[RECORDS PROVIDED Boundary: Start]

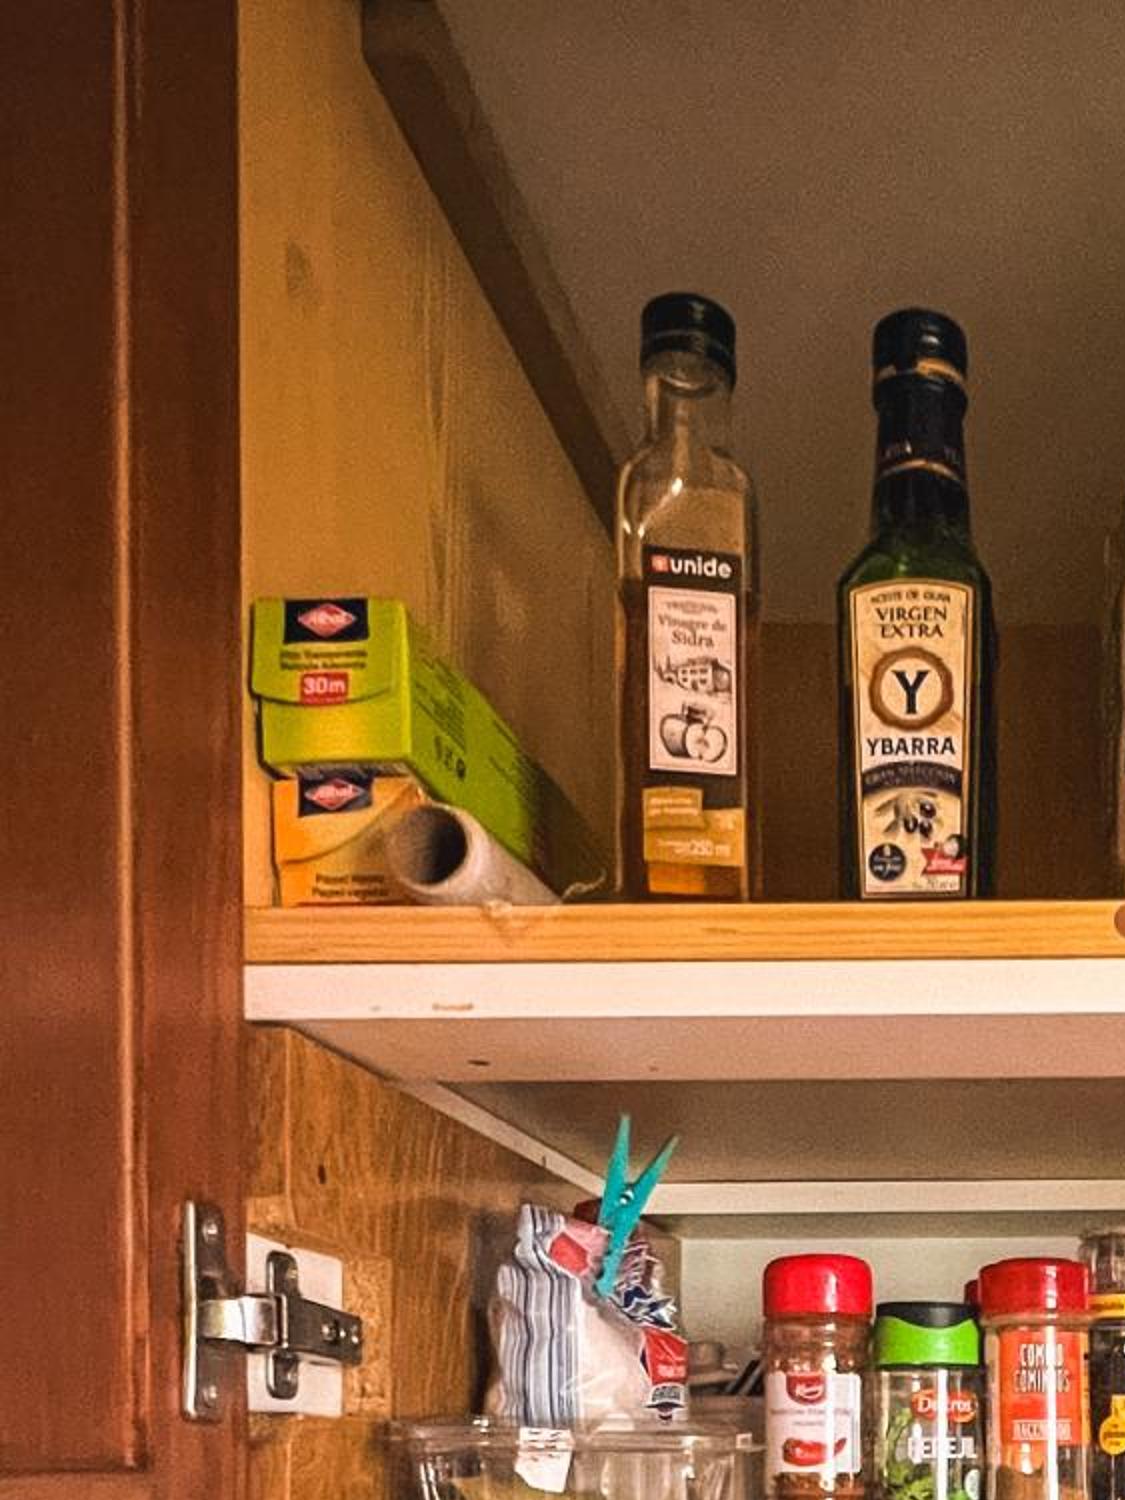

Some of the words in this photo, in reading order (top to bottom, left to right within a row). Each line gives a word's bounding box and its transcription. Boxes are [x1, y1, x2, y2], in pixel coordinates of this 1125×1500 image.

[670, 556, 733, 579] unide
[875, 606, 947, 621] VIRGEN
[671, 630, 715, 649] Sidra
[881, 623, 944, 639] EXTRA
[892, 670, 929, 714] Y
[866, 738, 956, 757] YBARRA
[1020, 1343, 1064, 1367] COMO
[1013, 1369, 1070, 1393] COMINOS
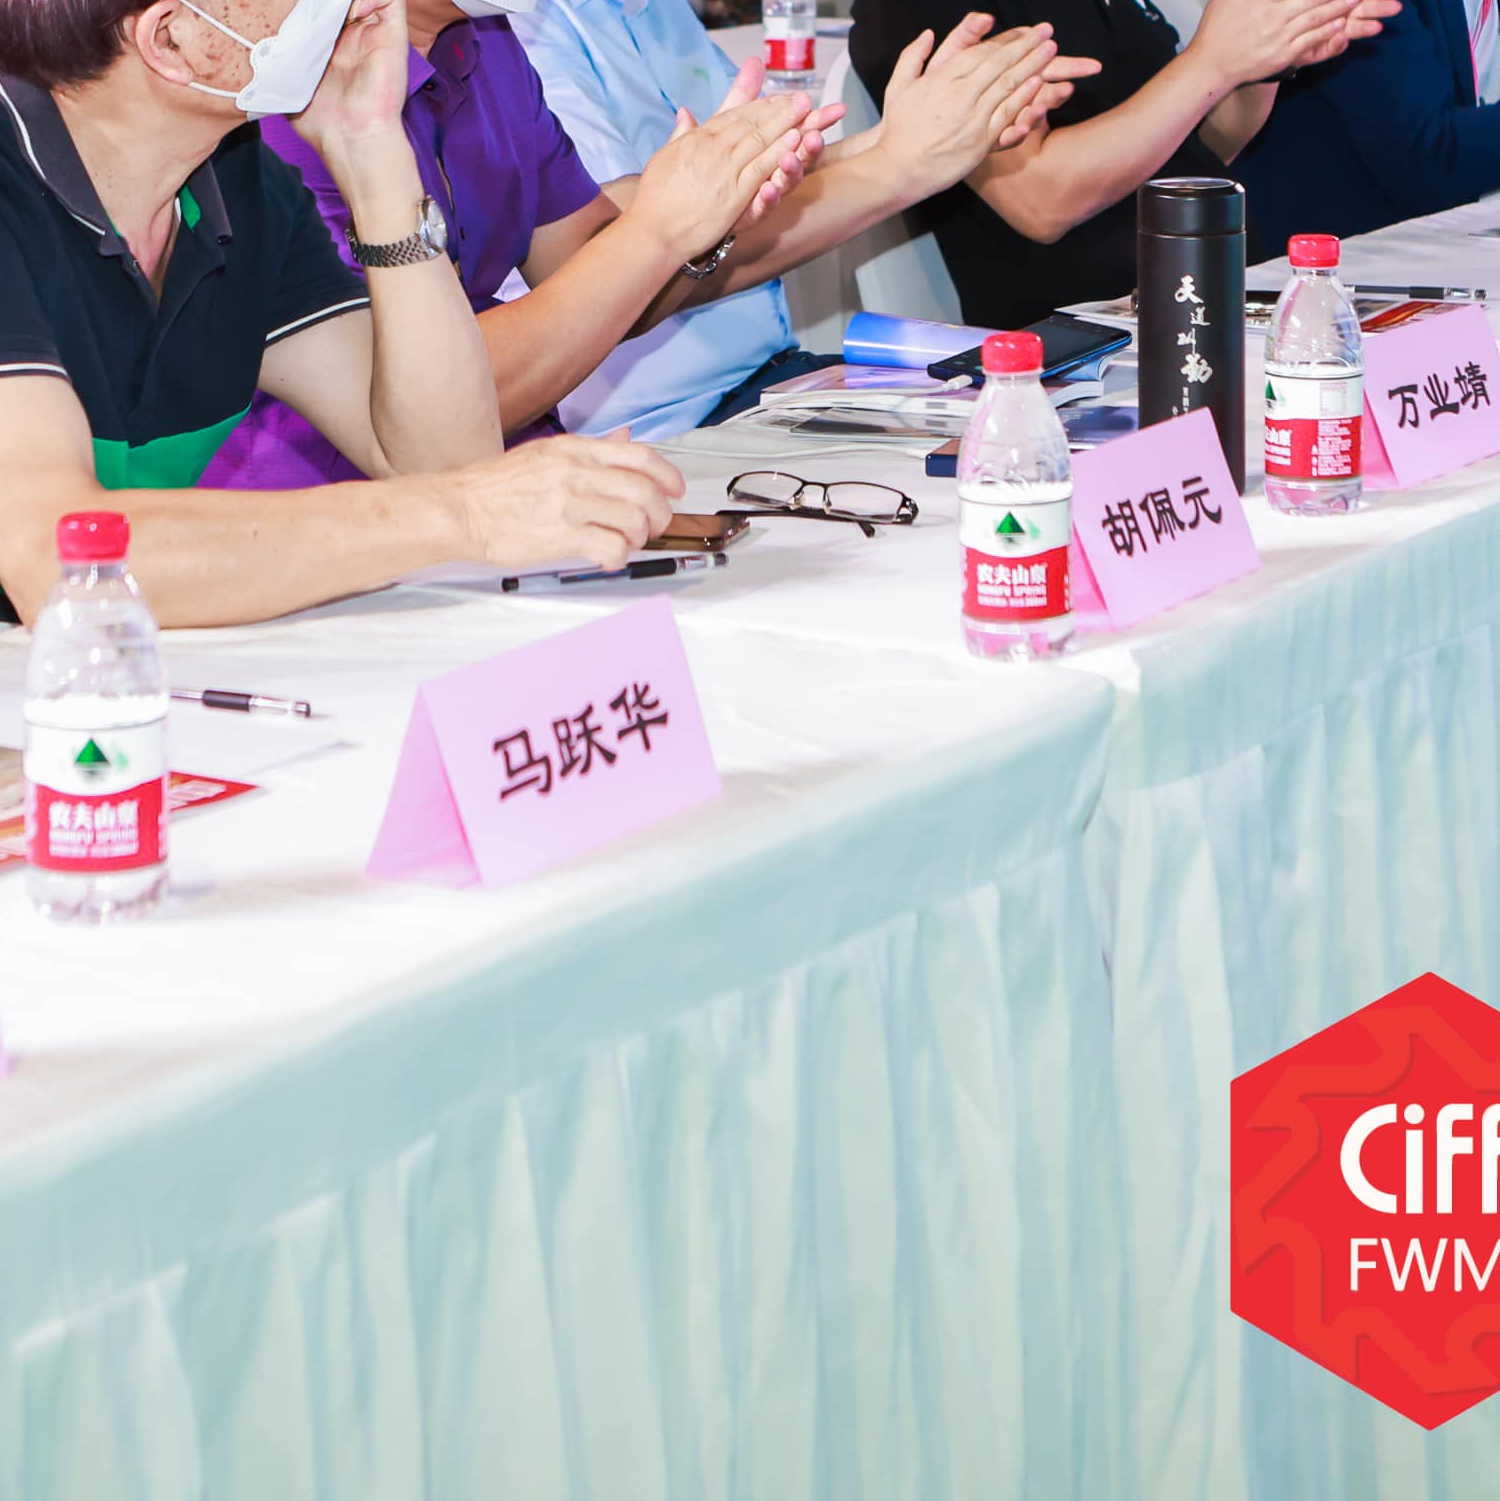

[RECORDS PROVIDED Boundary: End]

## EXERCISE REQUIREMENTS
What is needed is every record above printed exactly, with no pictures.

## ANSWER FOR THIS EXERCISE
Some of the words in this photo, in reading order (top to bottom, left to right within a row). Each line gives a word's bounding box and its transcription. Boxes are [x1, y1, x2, y2], in pixel coordinates of this 1125×1500 image.

[670, 556, 733, 579] unide
[875, 606, 947, 621] VIRGEN
[671, 630, 715, 649] Sidra
[881, 623, 944, 639] EXTRA
[892, 670, 929, 714] Y
[866, 738, 956, 757] YBARRA
[1020, 1343, 1064, 1367] COMO
[1013, 1369, 1070, 1393] COMINOS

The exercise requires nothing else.